» TASK DETAILS: Produce the full set of records below once more, exactly as they stand.

MATERIAL PROVIDED Block Start

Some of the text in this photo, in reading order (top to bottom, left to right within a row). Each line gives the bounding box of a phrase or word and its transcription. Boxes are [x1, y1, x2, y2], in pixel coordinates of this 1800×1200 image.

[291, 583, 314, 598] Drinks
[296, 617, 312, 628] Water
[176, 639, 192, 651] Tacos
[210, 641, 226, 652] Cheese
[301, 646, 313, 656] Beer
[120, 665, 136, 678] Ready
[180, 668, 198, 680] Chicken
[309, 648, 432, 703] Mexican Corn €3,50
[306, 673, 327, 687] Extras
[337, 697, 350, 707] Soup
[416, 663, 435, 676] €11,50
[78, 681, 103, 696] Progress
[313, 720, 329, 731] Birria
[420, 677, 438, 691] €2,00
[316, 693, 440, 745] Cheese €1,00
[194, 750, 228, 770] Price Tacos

MATERIAL PROVIDED Block End

» RESULT FOR THIS TASK:
Some of the text in this photo, in reading order (top to bottom, left to right within a row). Each line gives the bounding box of a phrase or word and its transcription. Boxes are [x1, y1, x2, y2], in pixel coordinates of this 1800×1200 image.

[291, 583, 314, 598] Drinks
[296, 617, 312, 628] Water
[176, 639, 192, 651] Tacos
[210, 641, 226, 652] Cheese
[301, 646, 313, 656] Beer
[120, 665, 136, 678] Ready
[180, 668, 198, 680] Chicken
[309, 648, 432, 703] Mexican Corn €3,50
[306, 673, 327, 687] Extras
[337, 697, 350, 707] Soup
[416, 663, 435, 676] €11,50
[78, 681, 103, 696] Progress
[313, 720, 329, 731] Birria
[420, 677, 438, 691] €2,00
[316, 693, 440, 745] Cheese €1,00
[194, 750, 228, 770] Price Tacos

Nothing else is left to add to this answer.